New York's main contract, light sweet crude for delivery in October, advanced 1.88 dollars to close at 118.15 dollars a barrel.
In London, Brent North Sea crude for October rose 1.59 dollars to settle at 116.22 dollars.
Gustav could build back up to hurricane strength and move into the Gulf region by this weekend, according to the Miami-based National Hurricane Centre.
"Most models now show it is on a collision course for the Gulf of Mexico's productive regions. With memories of (Hurricane) Katrina still fresh in most participants' minds it is understandable that prices have broken sharply higher," said John Kilduff, analyst at MF Global.
The National Hurricane Centre's announcement sent a shudder through the market, pushing prices up more than three dollars in intraday trade.
The Gulf of Mexico accounts for 26 percent of the United States' crude production and 11 percent of natural gas output, according to data from the US Energy Information Administration.
In 2005, hurricanes Katrina and Rita damaged or destroyed about 165 oil platforms of the some 4,000 located in the Gulf.
Gustav had lashed the island of Hispaniola on Tuesday as a hurricane, leaving at least 22 people dead in Haiti and the Dominican Republic.

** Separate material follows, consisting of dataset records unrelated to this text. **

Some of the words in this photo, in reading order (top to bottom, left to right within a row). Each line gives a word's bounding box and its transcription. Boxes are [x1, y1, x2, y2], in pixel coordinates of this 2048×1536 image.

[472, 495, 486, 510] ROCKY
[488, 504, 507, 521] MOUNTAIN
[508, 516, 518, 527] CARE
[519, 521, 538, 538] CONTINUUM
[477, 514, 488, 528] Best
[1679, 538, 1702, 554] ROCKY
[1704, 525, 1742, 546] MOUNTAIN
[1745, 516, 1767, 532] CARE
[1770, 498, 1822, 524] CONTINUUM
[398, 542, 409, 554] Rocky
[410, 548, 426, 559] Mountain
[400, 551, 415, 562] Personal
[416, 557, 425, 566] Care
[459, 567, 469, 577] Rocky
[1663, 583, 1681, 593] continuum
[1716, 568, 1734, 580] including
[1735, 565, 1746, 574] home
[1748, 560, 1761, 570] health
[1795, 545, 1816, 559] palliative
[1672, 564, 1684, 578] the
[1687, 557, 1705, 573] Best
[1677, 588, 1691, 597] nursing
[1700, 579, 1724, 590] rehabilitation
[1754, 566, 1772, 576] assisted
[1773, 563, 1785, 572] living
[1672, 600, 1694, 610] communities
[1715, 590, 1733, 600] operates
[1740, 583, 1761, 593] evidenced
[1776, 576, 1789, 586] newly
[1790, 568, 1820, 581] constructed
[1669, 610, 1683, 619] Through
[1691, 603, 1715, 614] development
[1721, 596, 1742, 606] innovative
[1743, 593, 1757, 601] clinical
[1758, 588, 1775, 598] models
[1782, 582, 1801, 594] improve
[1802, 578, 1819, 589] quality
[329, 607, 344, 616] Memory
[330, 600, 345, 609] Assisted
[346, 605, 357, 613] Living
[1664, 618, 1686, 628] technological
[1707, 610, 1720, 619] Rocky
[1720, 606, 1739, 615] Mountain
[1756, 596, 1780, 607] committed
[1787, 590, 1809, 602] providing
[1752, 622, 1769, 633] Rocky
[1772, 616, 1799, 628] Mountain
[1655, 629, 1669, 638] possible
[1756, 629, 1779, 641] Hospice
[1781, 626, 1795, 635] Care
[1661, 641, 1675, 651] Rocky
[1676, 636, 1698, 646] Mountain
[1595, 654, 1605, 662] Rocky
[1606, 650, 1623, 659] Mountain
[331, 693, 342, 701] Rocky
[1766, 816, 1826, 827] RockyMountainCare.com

After losing strength, Gustav once again picked up momentum as it headed toward Cuba, where authorities ordered the evacuation of some 42,000 people as a precaution.
Energy giant Royal Dutch Shell said Wednesday it had begun "evacuating personnel not essential to producing and drilling operations in the Gulf."

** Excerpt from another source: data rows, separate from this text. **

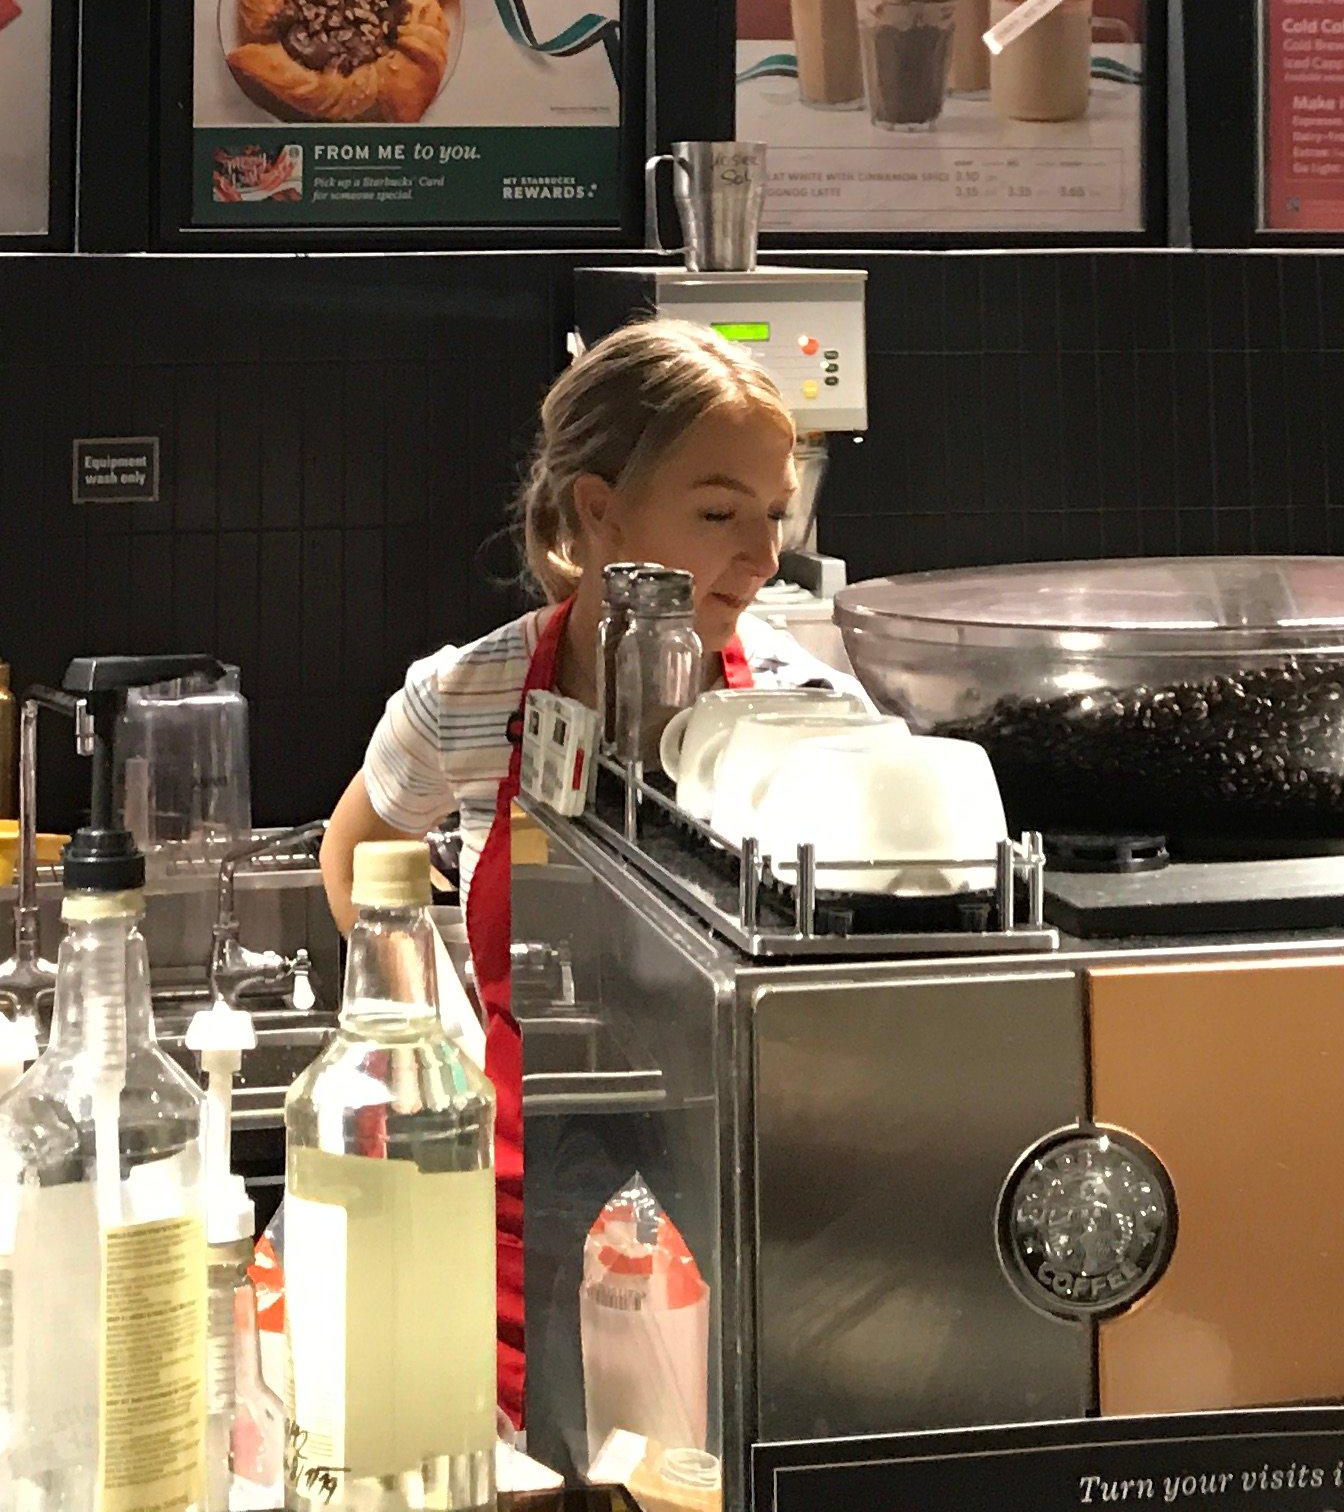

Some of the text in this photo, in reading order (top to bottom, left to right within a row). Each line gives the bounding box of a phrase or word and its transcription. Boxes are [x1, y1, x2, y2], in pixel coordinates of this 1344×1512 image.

[1282, 18, 1317, 33] Cold
[1293, 96, 1335, 110] Make
[314, 143, 481, 164] FROM ME to you.
[314, 177, 335, 187] Pick
[337, 179, 352, 189] up
[418, 176, 445, 187] Card
[787, 172, 822, 181] WHITE
[826, 172, 854, 181] WITH
[858, 172, 918, 181] CINNAMON
[313, 191, 328, 202] for
[330, 192, 375, 200] someone
[502, 186, 585, 199] REWARDS
[812, 189, 842, 197] LATTE
[84, 454, 147, 471] Equipment
[85, 471, 146, 486] wash only
[1037, 1260, 1144, 1301] COFFEE
[1079, 1475, 1155, 1504] Turn
[1163, 1472, 1233, 1504] your
[1241, 1460, 1325, 1493] visits

ExxonMobil, in an afternoon statement, said that so far Gustav had had no impact on its operations and no personnel had been evacuated.
The market shrugged off the latest US weekly report on energy inventories.
The US Department of Energy said crude stockpiles had fallen by 100,000 barrels last week, instead of the 2.2-million-barrel increase forecast by most analysts.
Oil prices were also being supported by heightened tensions between Russia and the West after Moscow on Tuesday recognised the Georgian separatist regions of South Ossetia and Abkhazia as independent.
Russia recently overtook Saudi Arabia as the the biggest oil producer.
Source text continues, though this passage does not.